Trending: ‘per capita’
Lookups spiked 2,300% on May 21, 2020
Per capita was head and shoulders above our other words on May 21st, 2020, after President Trump wielded the Latinate term in a manner that was unfamiliar to many.
THE PRESIDENT: And, you know, when you say “per capita,” there’s many per capitas. It’s, like, per capita relative to what? But you can look at just about any category, and we’re really at the top, meaning positive on a per capita basis, too. They’ve done a great job.
— Remarks by President Trump in a Meeting with Governor Hutchinson of Arkansas and Governor Kelly of Kansas, whitehouse.gov, 20 May 2020
We define per capita in two ways: “per unit of population; by or for each person” and “equally to each individual.” We do not list a manner of pluralizing per capita, as the word is not a noun (it functions as an adjective and an adverb, similar to all and apiece, which are likewise not pluralized).

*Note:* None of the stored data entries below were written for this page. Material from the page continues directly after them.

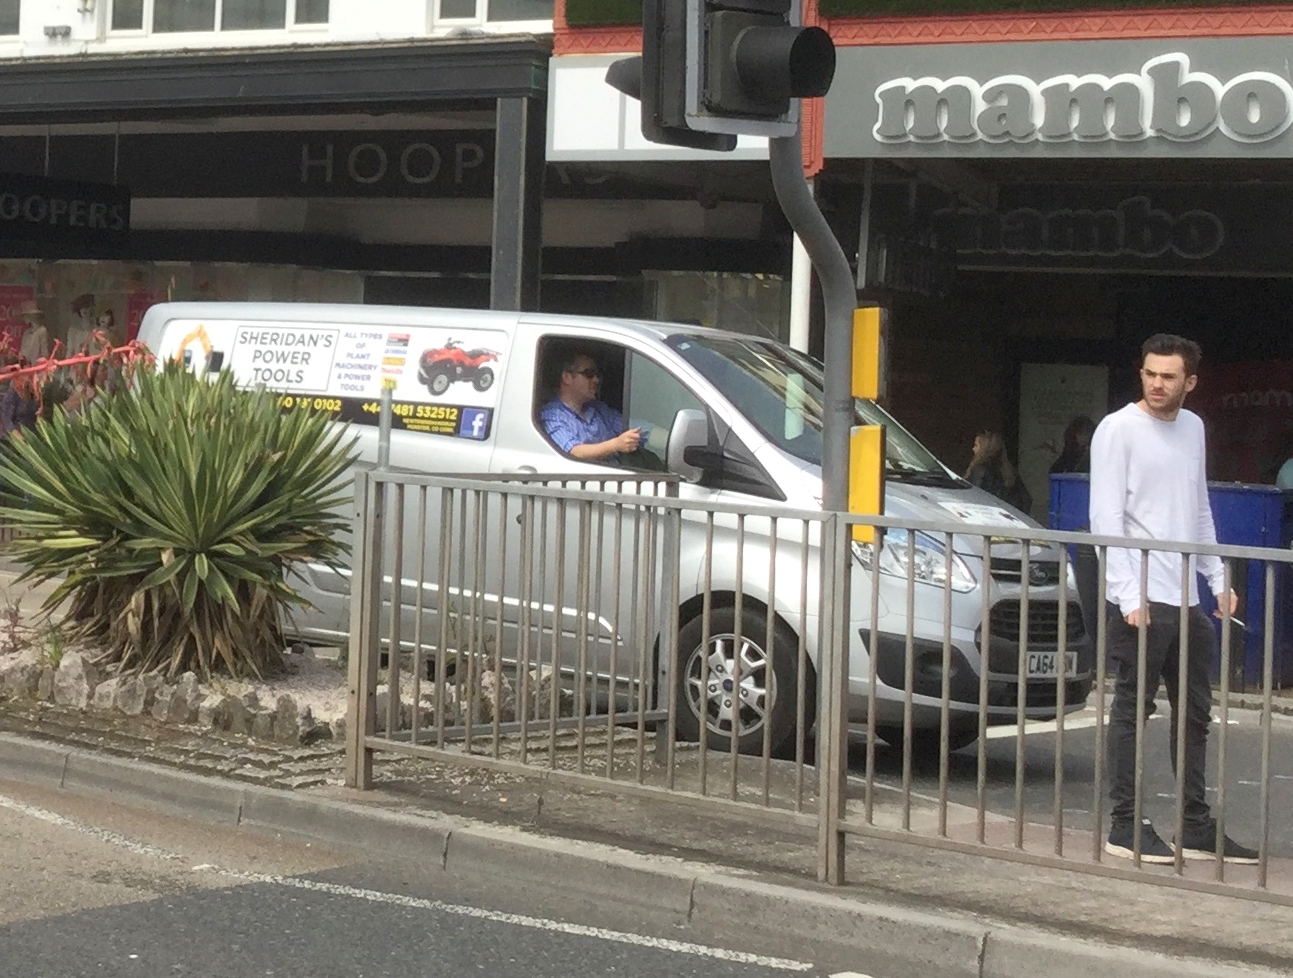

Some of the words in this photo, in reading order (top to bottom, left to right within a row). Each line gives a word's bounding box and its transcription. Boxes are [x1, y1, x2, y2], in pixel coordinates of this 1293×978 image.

[872, 52, 1293, 143] mambo
[238, 331, 334, 348] SHERIDAN'S
[344, 331, 357, 339] ALL
[360, 332, 383, 340] TYPES
[252, 349, 311, 365] POWER
[346, 352, 371, 360] PLANT
[334, 362, 378, 371] MACHINERY
[253, 367, 304, 384] TOOLS
[343, 373, 372, 381] POWER
[340, 383, 365, 391] TOOLS
[314, 398, 342, 411] 0102
[416, 405, 458, 420] 532512
[1028, 654, 1055, 675] CA64
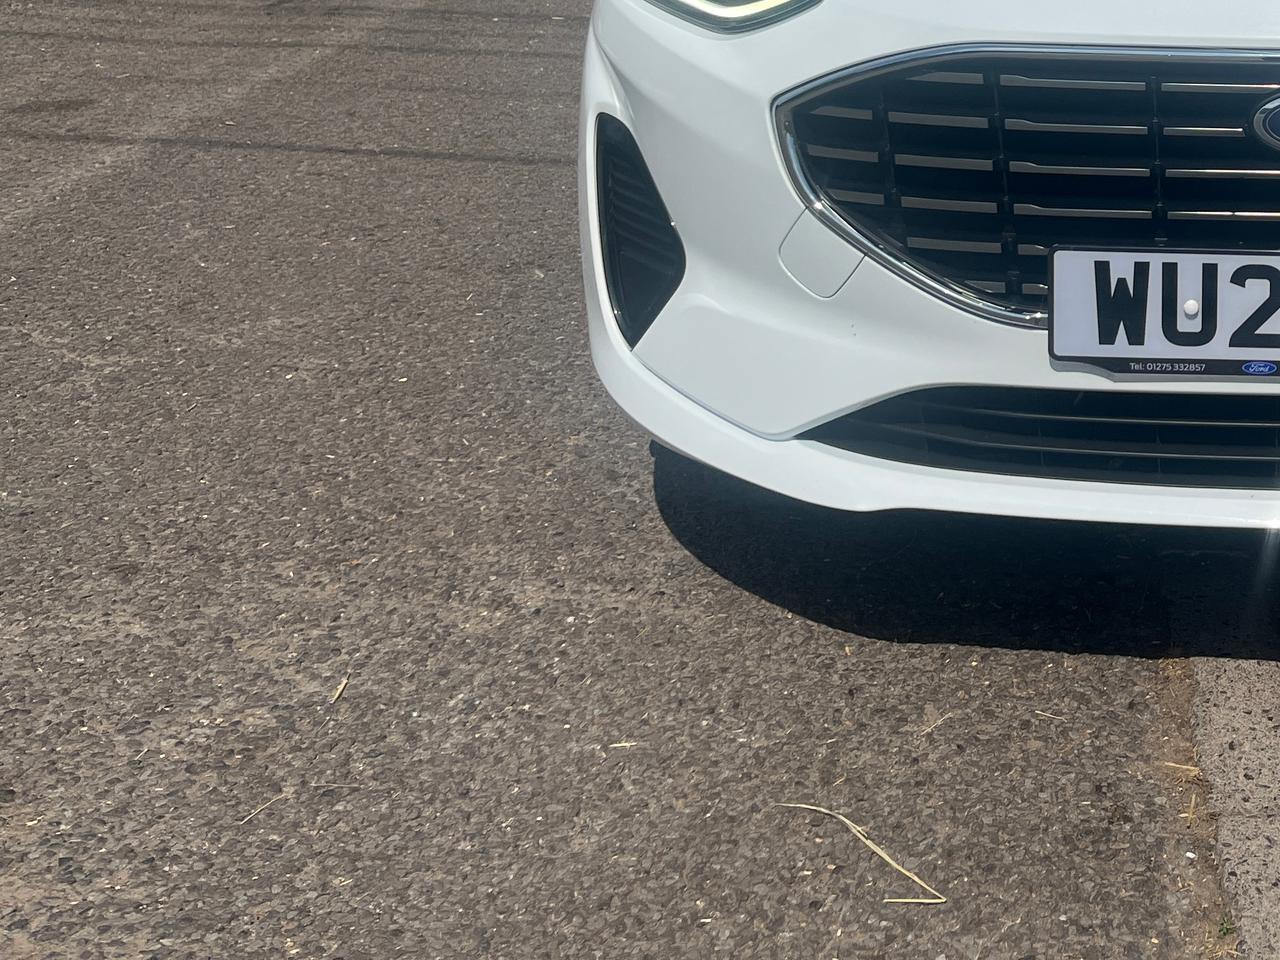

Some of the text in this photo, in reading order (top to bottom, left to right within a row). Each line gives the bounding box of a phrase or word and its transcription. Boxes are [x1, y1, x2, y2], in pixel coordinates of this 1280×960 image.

[1129, 362, 1206, 372] Tel: 01275 332857
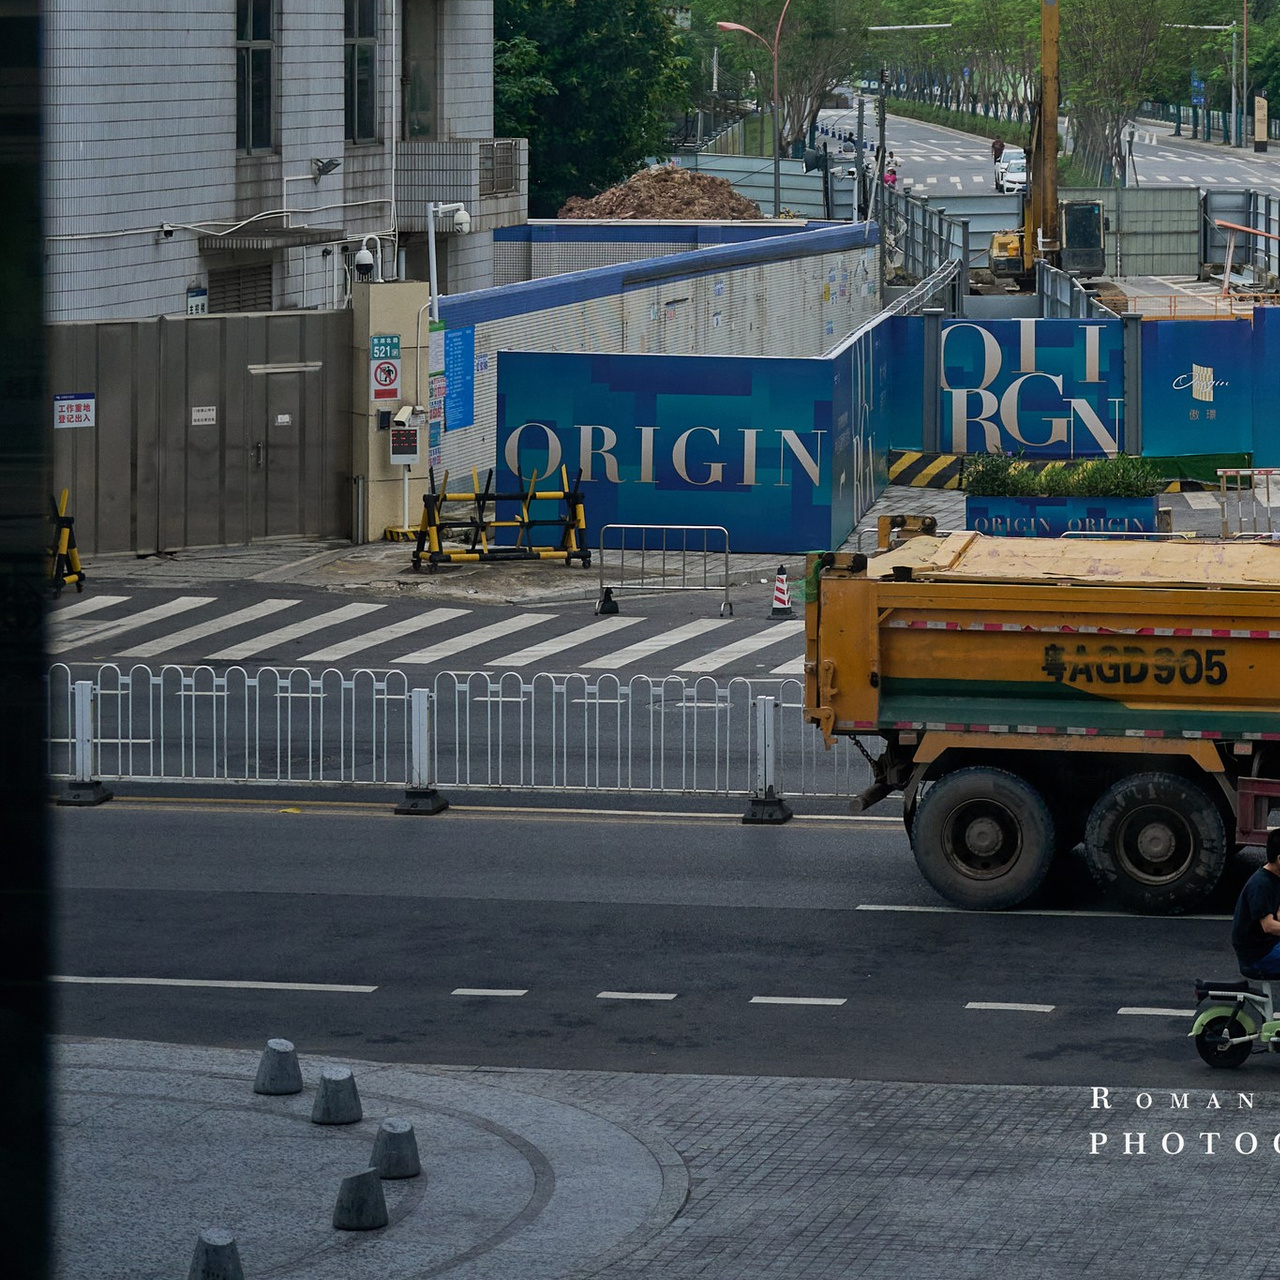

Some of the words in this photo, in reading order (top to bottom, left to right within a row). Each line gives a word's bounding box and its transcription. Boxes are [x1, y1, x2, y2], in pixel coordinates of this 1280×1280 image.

[373, 345, 390, 358] 521
[58, 403, 91, 413] 工作重地
[58, 413, 91, 424] 登记出入
[504, 422, 828, 488] ORIGIN
[974, 516, 1050, 533] ORIGIN
[1067, 517, 1145, 533] ORIGIN

Per capita comes from the Medieval Latin, in which it meant “by heads”; it has been in English use since the 17th century.
Providing that the payment [per capita] exceede not ten persons: and their Escheate and Life-rent, to pay the double of the same summes.
— Scotland, The XXIII Parliament of our most high and dread soveraine James, 1621
Trend Watch is a data-driven report on words people are looking up at much higher search rates than normal. While most trends can be traced back to the news or popular culture, our focus is on the lookup data rather than the events themselves.